Saat itulah Sayyidina Hasan ra. diangkat menjadi wali qutb pertama (awwalul aqtaab). Beliau merupakan leluhur sebagian wali qutb seperti Syekh Abu Hasan Syadzili ra. yang merupakan keturunannya dari Isa bin Muhammad bin Hasan bin Ali. Juga Syekh Abdul Qadir Jaelani qs. yang merupakan keturunannya dari Abdullah bin Hasan bin Hasan bin Ali radhiyallahu ‘anhum ajma’iin.
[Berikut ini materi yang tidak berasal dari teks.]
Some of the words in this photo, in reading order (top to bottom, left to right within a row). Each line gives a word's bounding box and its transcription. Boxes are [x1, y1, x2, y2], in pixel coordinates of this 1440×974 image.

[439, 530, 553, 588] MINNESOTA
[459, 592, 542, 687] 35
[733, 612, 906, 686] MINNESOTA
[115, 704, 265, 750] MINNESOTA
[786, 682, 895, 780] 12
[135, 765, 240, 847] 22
Faedah, Tanbih & Hikmah Hadits

Penyakit keragu-raguan atau syak wasangka, sering merasa ragu dalam suatu hal merupakan salah satu penyakit hati yang harus diobati. karena keragu-raguan ini dapat mengundang penyakit was-was yang membuat seseorang akan mengulang-ngulang suatu tindakan atau bahkan meninggalkannya.
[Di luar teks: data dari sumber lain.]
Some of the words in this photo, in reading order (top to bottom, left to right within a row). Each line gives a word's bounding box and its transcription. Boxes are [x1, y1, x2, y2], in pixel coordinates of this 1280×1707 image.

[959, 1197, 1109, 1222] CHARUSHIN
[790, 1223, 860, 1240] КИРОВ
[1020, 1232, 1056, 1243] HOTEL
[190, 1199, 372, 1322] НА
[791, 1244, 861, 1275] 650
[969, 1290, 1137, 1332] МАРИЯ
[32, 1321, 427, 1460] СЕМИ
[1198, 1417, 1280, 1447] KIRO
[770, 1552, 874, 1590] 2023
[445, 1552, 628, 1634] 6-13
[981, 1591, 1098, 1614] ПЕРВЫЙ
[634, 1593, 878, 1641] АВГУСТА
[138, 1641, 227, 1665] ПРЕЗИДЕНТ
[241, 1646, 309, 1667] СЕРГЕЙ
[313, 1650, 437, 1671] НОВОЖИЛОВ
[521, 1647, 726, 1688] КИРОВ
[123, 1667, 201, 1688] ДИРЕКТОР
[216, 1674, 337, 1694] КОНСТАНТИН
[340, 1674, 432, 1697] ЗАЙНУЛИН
Contohnya merasa dalam membasuh anggota wudhu tertentu belum sempurna atau ketika takbirotul ihram harus mengulang berkali-kali karena was-was dll. Ini tidak baik dan harus disembuhkan dengan kuatnya keyakinan.

Keraguan hanya dapat disembuhkan dengan keyakinan. Inilah yang dimaksud hadits Rasulullah saw. diatas secara makna dzohir. sebagaimana tertuang dalam kaidah fiqih:

اليقين لا يزول بالشك

Sesuatu yang meyakinkan tidak dapat hilang hanya dengan keraguan

Jadi, tinggalkanlah sesuatu yang membuat dalam hati kita timbul keragu-raguan dan ambillah yang dapat menimbulkan keyakinan (kemantapan hati). Karena keraguan dan kegelisahan hati itu berkaitan dan seringkali muncul dari hati yang keruh, niat yang tidak tulus dan adanya dusta dalam suatu hal atau perbuatan kita.
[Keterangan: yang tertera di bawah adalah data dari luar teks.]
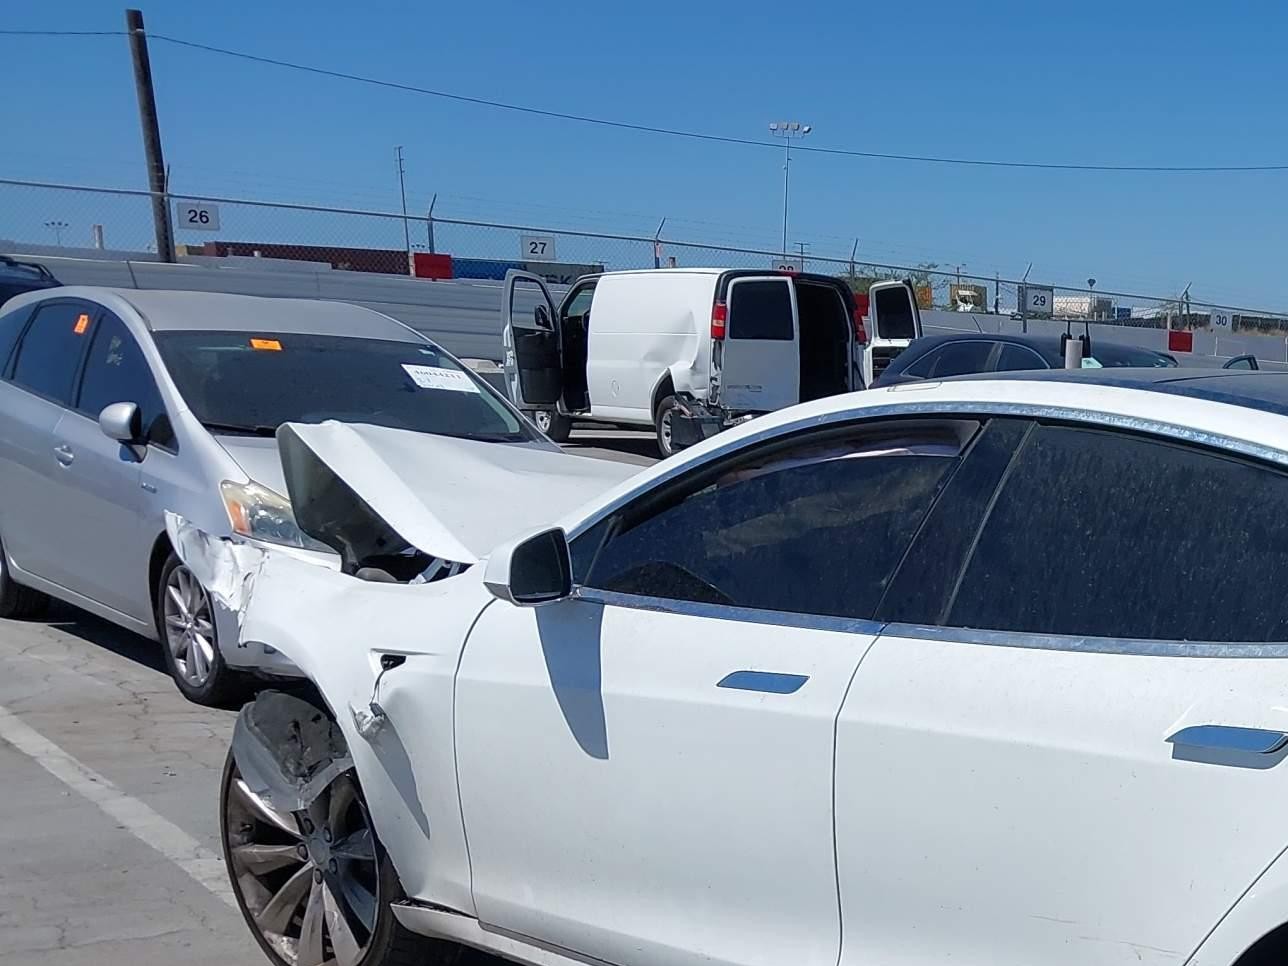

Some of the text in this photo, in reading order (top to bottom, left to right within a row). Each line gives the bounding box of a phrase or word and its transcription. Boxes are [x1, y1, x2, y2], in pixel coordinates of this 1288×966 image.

[188, 209, 209, 224] 26
[529, 241, 547, 255] 27
[1033, 295, 1046, 306] 29
[1216, 314, 1227, 326] 30
Sedangkan kebaikan dan kejujuran itu selalu mendatangkan ketenangan jiwa dan kemantapan hati. dalam riwayat lain redaksi hadits diatas disebutkan;

دع ما يريبك إلى ما لا يريبك ، فإن الصدق طمأنينة ، وإن الكذب ريبة

(رواه أحمد)

Tinggalkan dan beralihlah dari sesuatu yang meragukanmu kepada sesuatu lain yang tidak meragukanmu. Sungguh kejujuran lebih menenangkan jiwa, sedang dusta menggelisahkannya” (HR Ahmad).

Disebutkan juga dalam riwayat lain;

فَإِنَّ الخَيْرَ طُمَأْنِيْنَةٌ وَإِنَّ الشَّرَّ رِيْبَةٌ

Kebaikan selalu mendatangkan ketenangan, sedangkan kejelekan selalu mendatangkan kegelisahan.” (HR. Al-Hakim)

Termasuk dalam hal ini meninggalkan yang syubhat, karena sesuatu itu dihukumi syubhat sebab ada keraguan didalamnya antara halal ataukah haram. Sebagaimana telah dijelaskan pada hadits-hadits sebelumnya. Bahkan para salafus shaleh sampai membatasi yang halal dan mubah (memilih sifat wara’) agar betul-betul selamat dari keragu-raguan.

Adapun keraguan secara batin, ahli dzikir umumnya memiliki self alert, alarm tersendiri saat menghadapi suatu keadaan atau sebuah permasalahan. Saat dirasa ada suatu keburukan dalam sebuah perkara, saat lingkungan atau teman bicara kita memiliki maksud tidak baik dan lain sebagainya.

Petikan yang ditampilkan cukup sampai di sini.